I don't think size (to a degree) matters. Unless you make them so small that people can't find them (thus ruining the ability for people to find them when exploring and therefore making people have to read up just to find them), most Myst fans will click on them. It's just in our nature .The stranger wrote: BUT! I have an idea, which will help us to see "recorded"events while not REALLY being in them.Though I'm not sure you will like it, many people didn't like the serenian amulet thing. You see, along the ages, players would find some little "shiny blue stones", like 2 in an age. Very little stones. Now, these stones will work just like serenia memory amulet: once a player touches them, he will see something which happened there. In public places, he may see a bit of the last "live event" which happened. In kadish tolesa vault, he will see kadish going mad, in the cleft he will see young yeesha (before she entered d'ni), in teledahn he will see the first arrival of sharper/a d'ni man in the age, and in jalak dador the player will see a d'ni game. The reason why I think it's important is because something important in a game is that you feel you are seeing the story, you are there. It was missing in uru: once 1000 people do the same journey, it gets strange. So, there are many ways to do that, and one is that. Of course, the stones will be small and there will not be many in an age, so people who don't want that won't mind, I think.

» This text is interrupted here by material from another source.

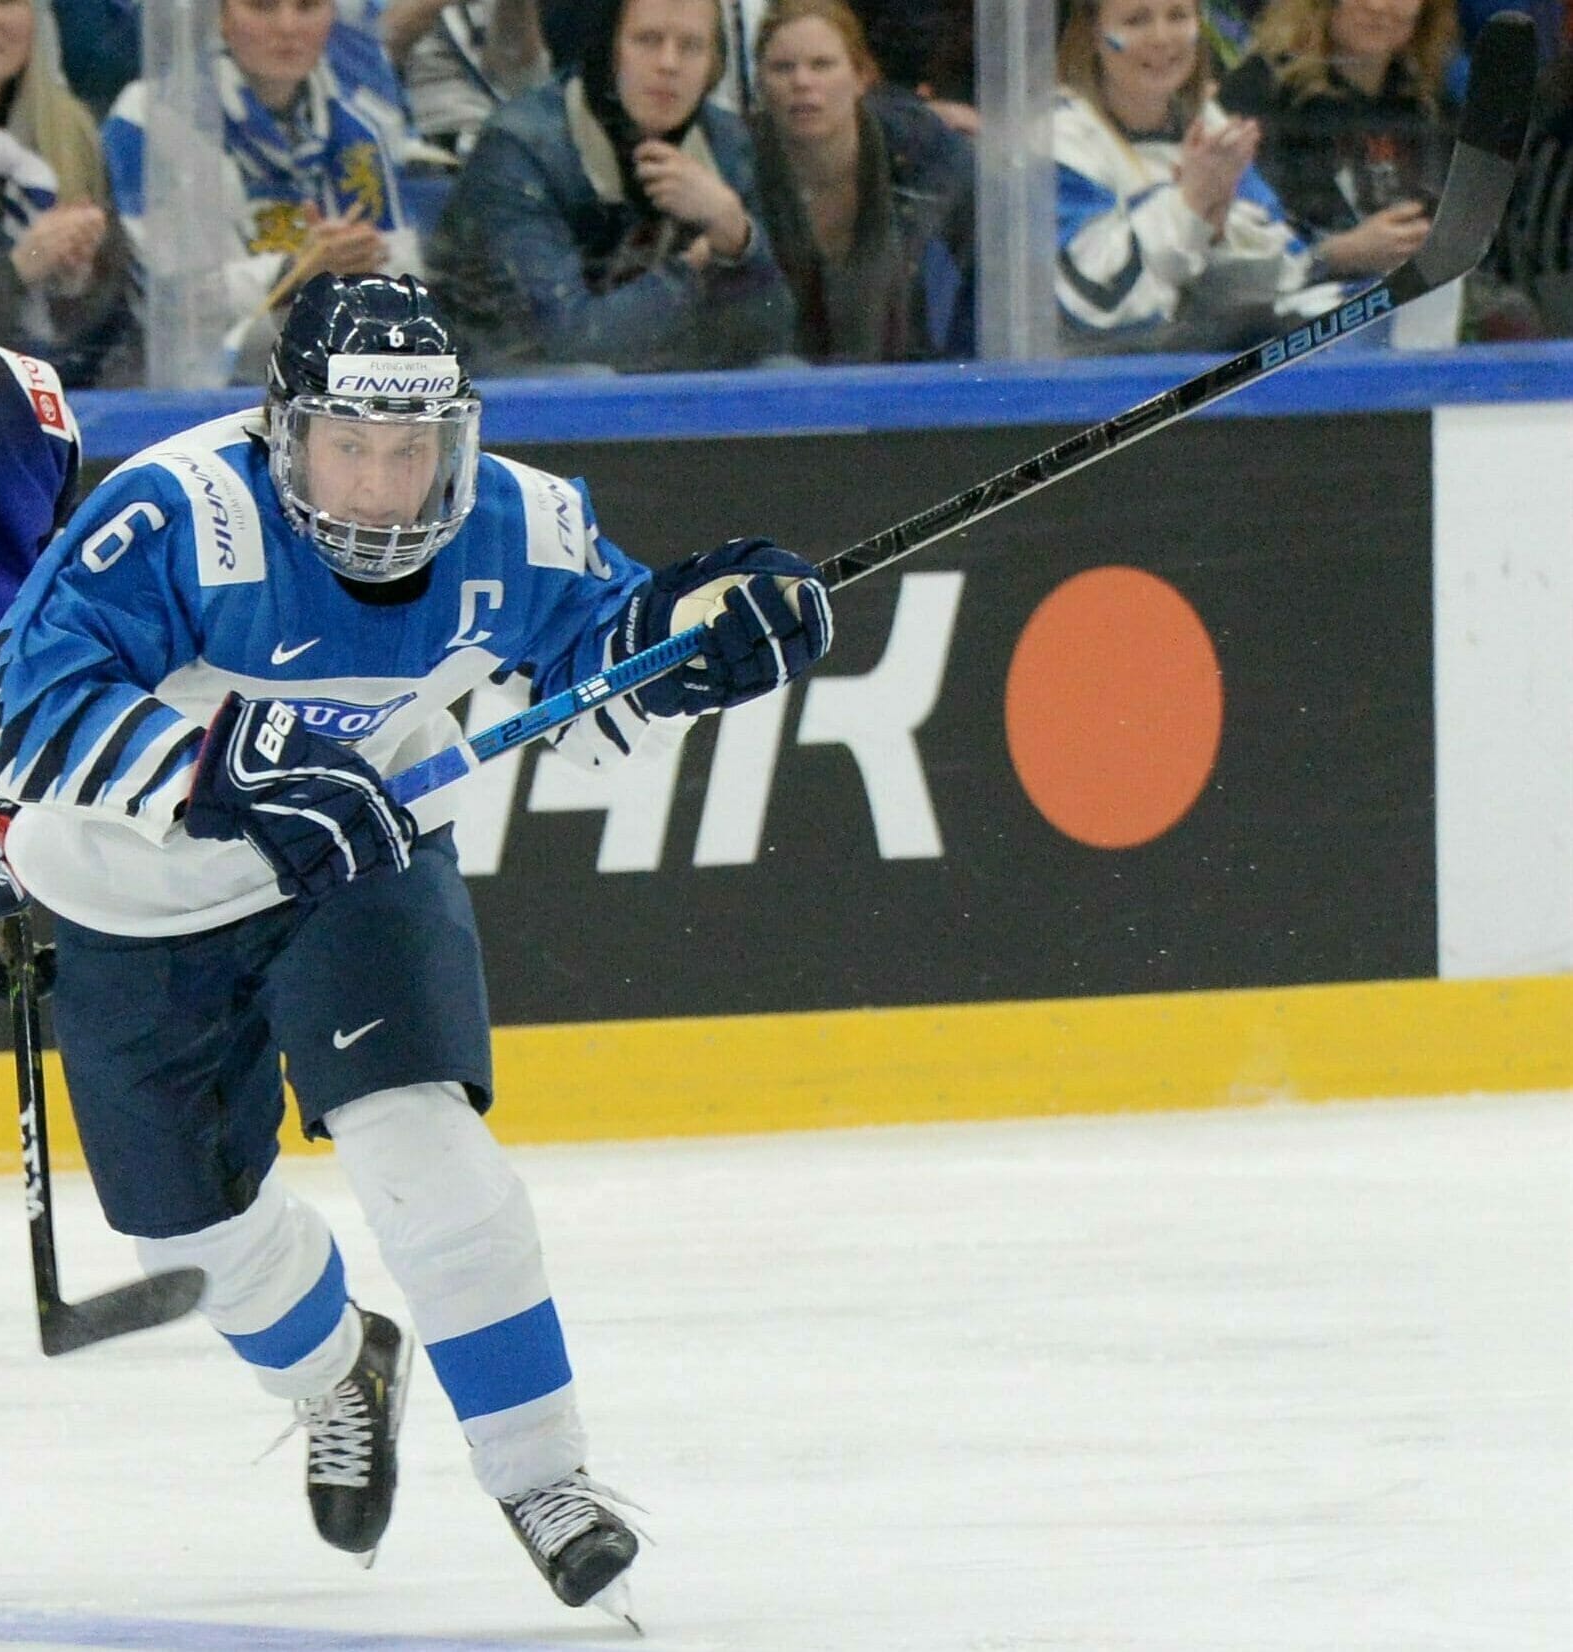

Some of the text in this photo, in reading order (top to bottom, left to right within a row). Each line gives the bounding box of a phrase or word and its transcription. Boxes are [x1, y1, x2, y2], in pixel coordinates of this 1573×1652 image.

That's why I think a bahro stone object (like a waist high round column topped with a circular symbol that you can click on) would work. These would pop up in various Ages and places where various events happened, mostly for past live events or described events. They'd probably cycle on and off, just so people don't get annoyed with these pillars being everywhere. When you clicked on one, you'd be able to see what had happened there as a reenactment which you could partially interact with (walk around the people, perhaps do certain tasks).
Reason for existence: Easy, some bahro group or Yeesha wants all these new and old explorers to get a picture of what happened before. They frame it as a journey for explorers, with maybe even an in-journey plot (numbers show up somewhere? You have to do certain things?) that culminates in reward.